"""

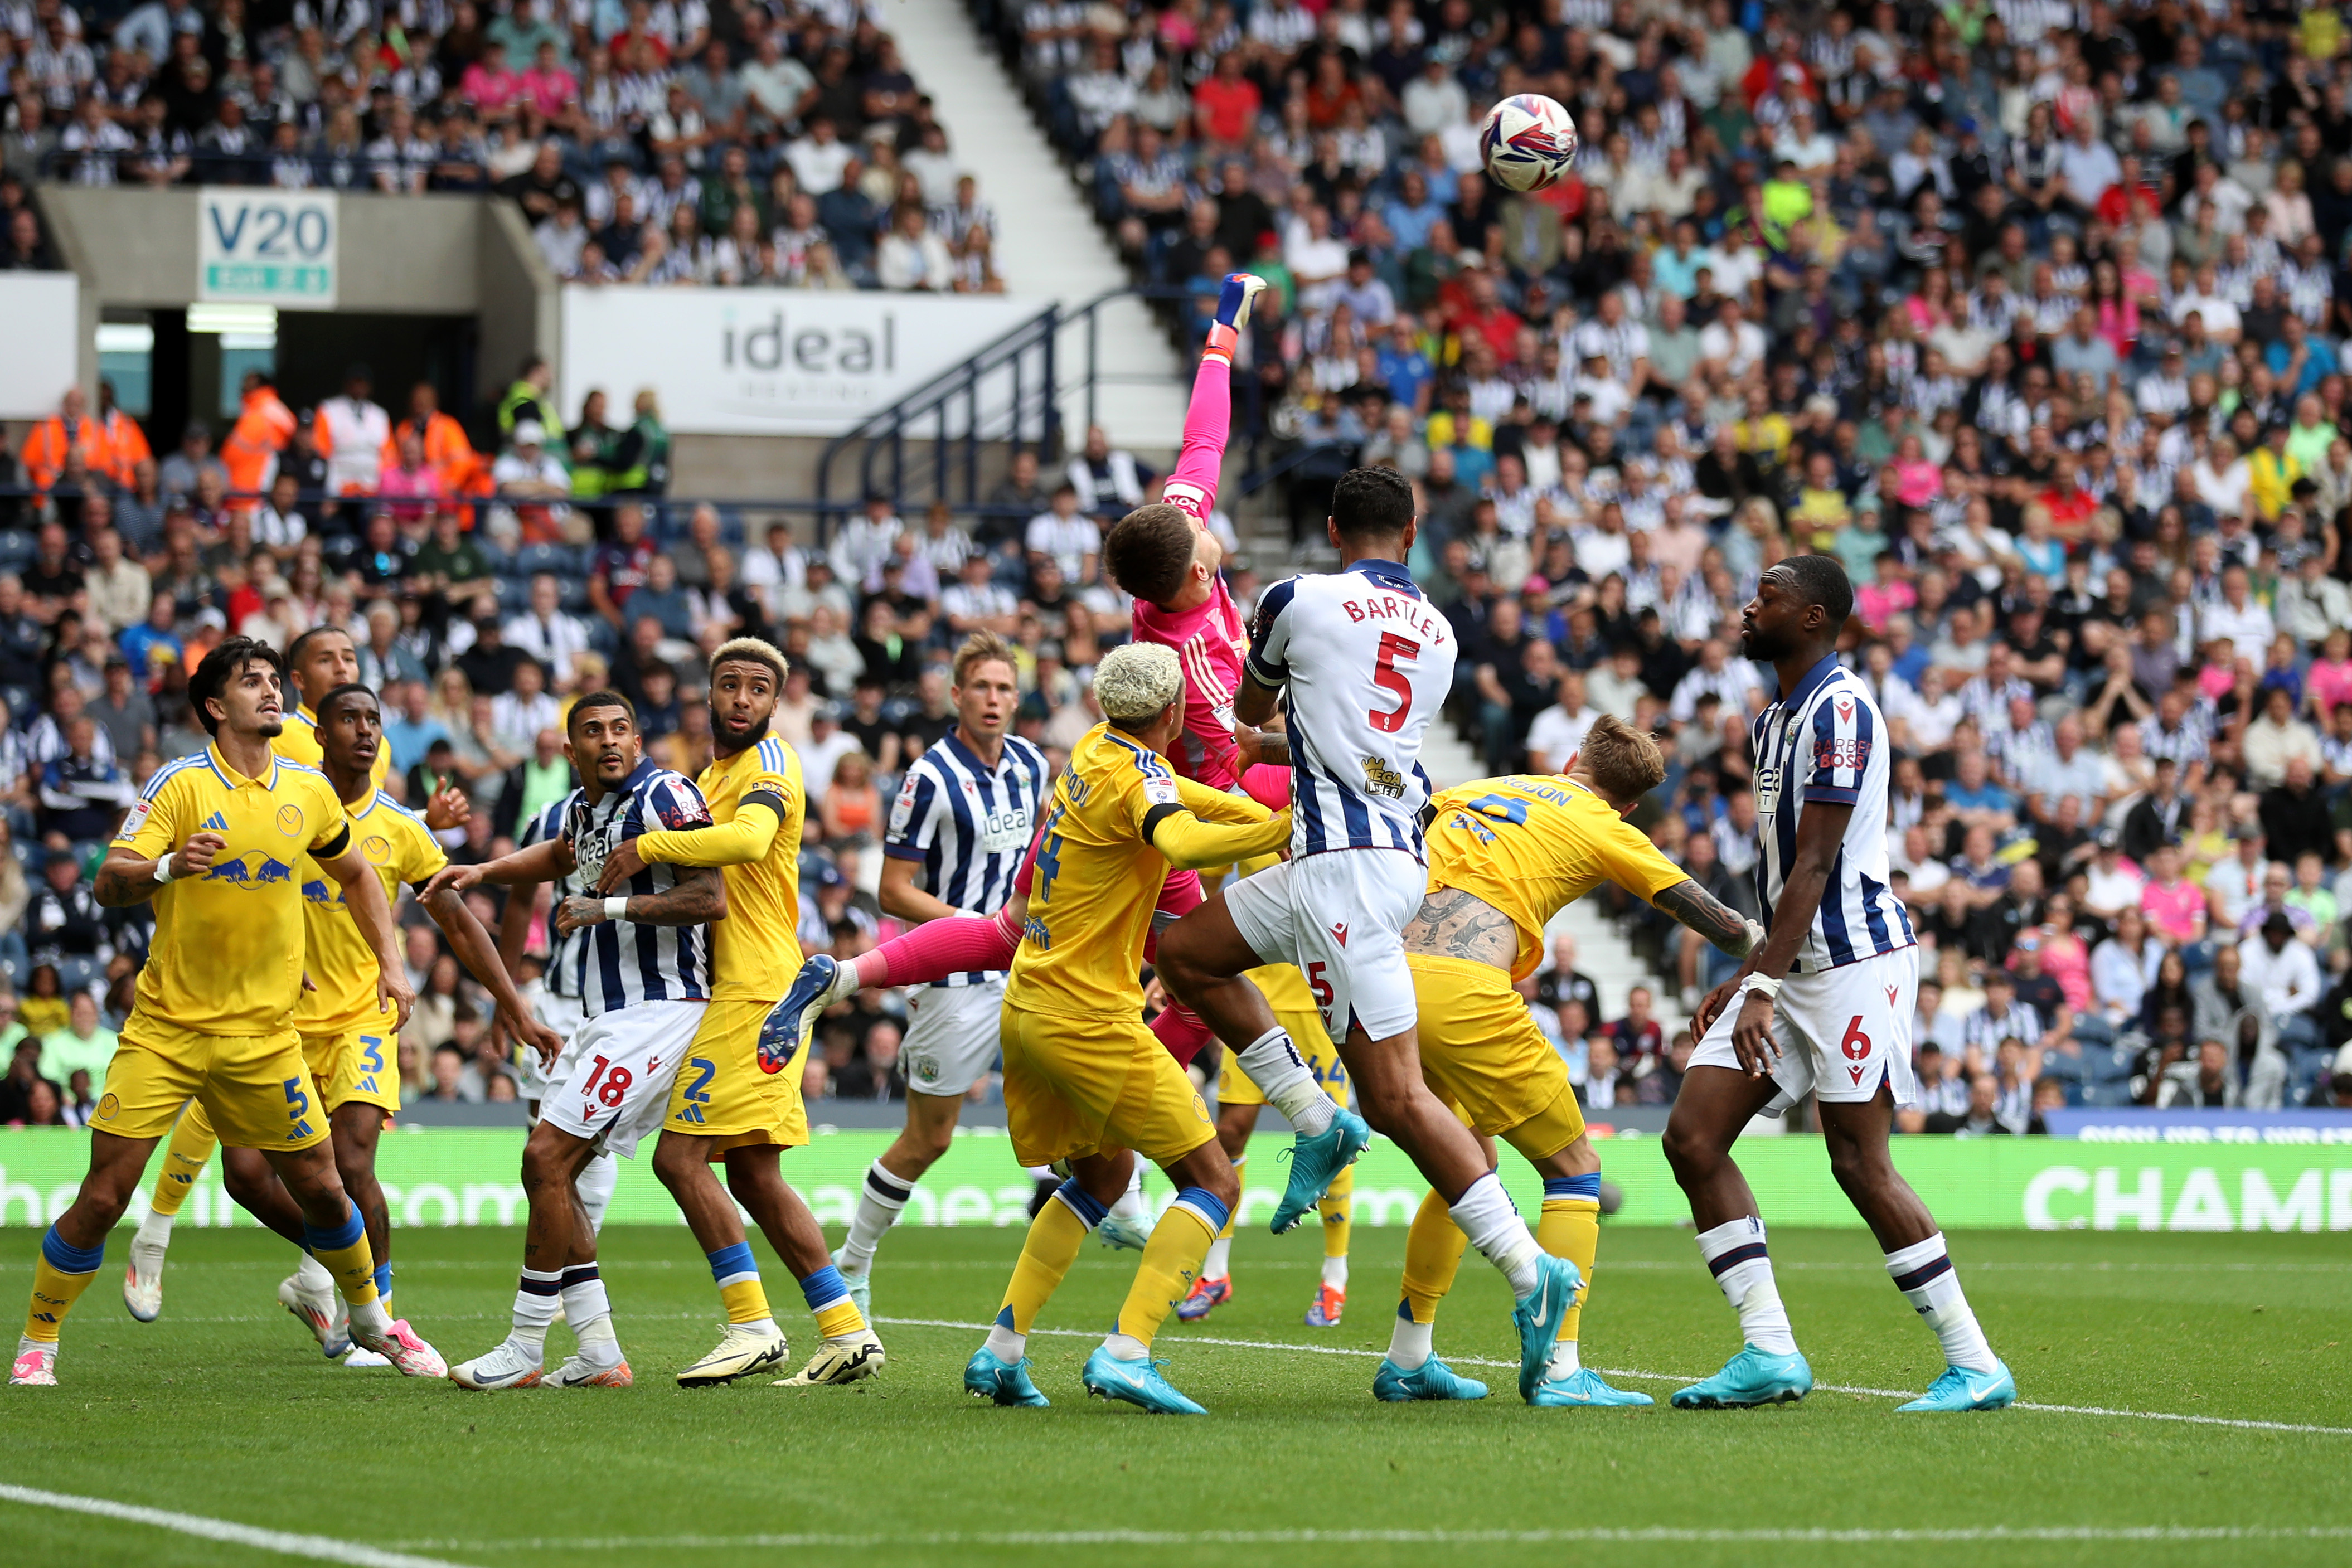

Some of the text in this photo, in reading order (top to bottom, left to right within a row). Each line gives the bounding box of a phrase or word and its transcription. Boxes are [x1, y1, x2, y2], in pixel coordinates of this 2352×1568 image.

[208, 205, 328, 259] V20
[724, 306, 894, 374] ideal
[1342, 596, 1445, 647] BARTLEY
[1369, 630, 1420, 733] 5
[1814, 739, 1872, 757] BARBER
[1820, 753, 1864, 770] BOSS
[658, 799, 707, 827] BARBE
[982, 802, 1031, 836] ideal
[578, 829, 612, 867] ideal
[1308, 961, 1334, 1007] 5
[360, 1035, 384, 1074] 3
[1841, 1015, 1871, 1061] 6
[283, 1077, 308, 1119] 5
[581, 1054, 632, 1108] 18
[683, 1058, 716, 1103] 2

"""

WHAT YOU ARE ASKED TO DO: Provide a precise transcription of the listing, excluding each picture.

SOLUTION TO THE PROBLEM:
Some of the text in this photo, in reading order (top to bottom, left to right within a row). Each line gives the bounding box of a phrase or word and its transcription. Boxes are [x1, y1, x2, y2], in pixel coordinates of this 2352×1568 image.

[208, 205, 328, 259] V20
[724, 306, 894, 374] ideal
[1342, 596, 1445, 647] BARTLEY
[1369, 630, 1420, 733] 5
[1814, 739, 1872, 757] BARBER
[1820, 753, 1864, 770] BOSS
[658, 799, 707, 827] BARBE
[982, 802, 1031, 836] ideal
[578, 829, 612, 867] ideal
[1308, 961, 1334, 1007] 5
[360, 1035, 384, 1074] 3
[1841, 1015, 1871, 1061] 6
[283, 1077, 308, 1119] 5
[581, 1054, 632, 1108] 18
[683, 1058, 716, 1103] 2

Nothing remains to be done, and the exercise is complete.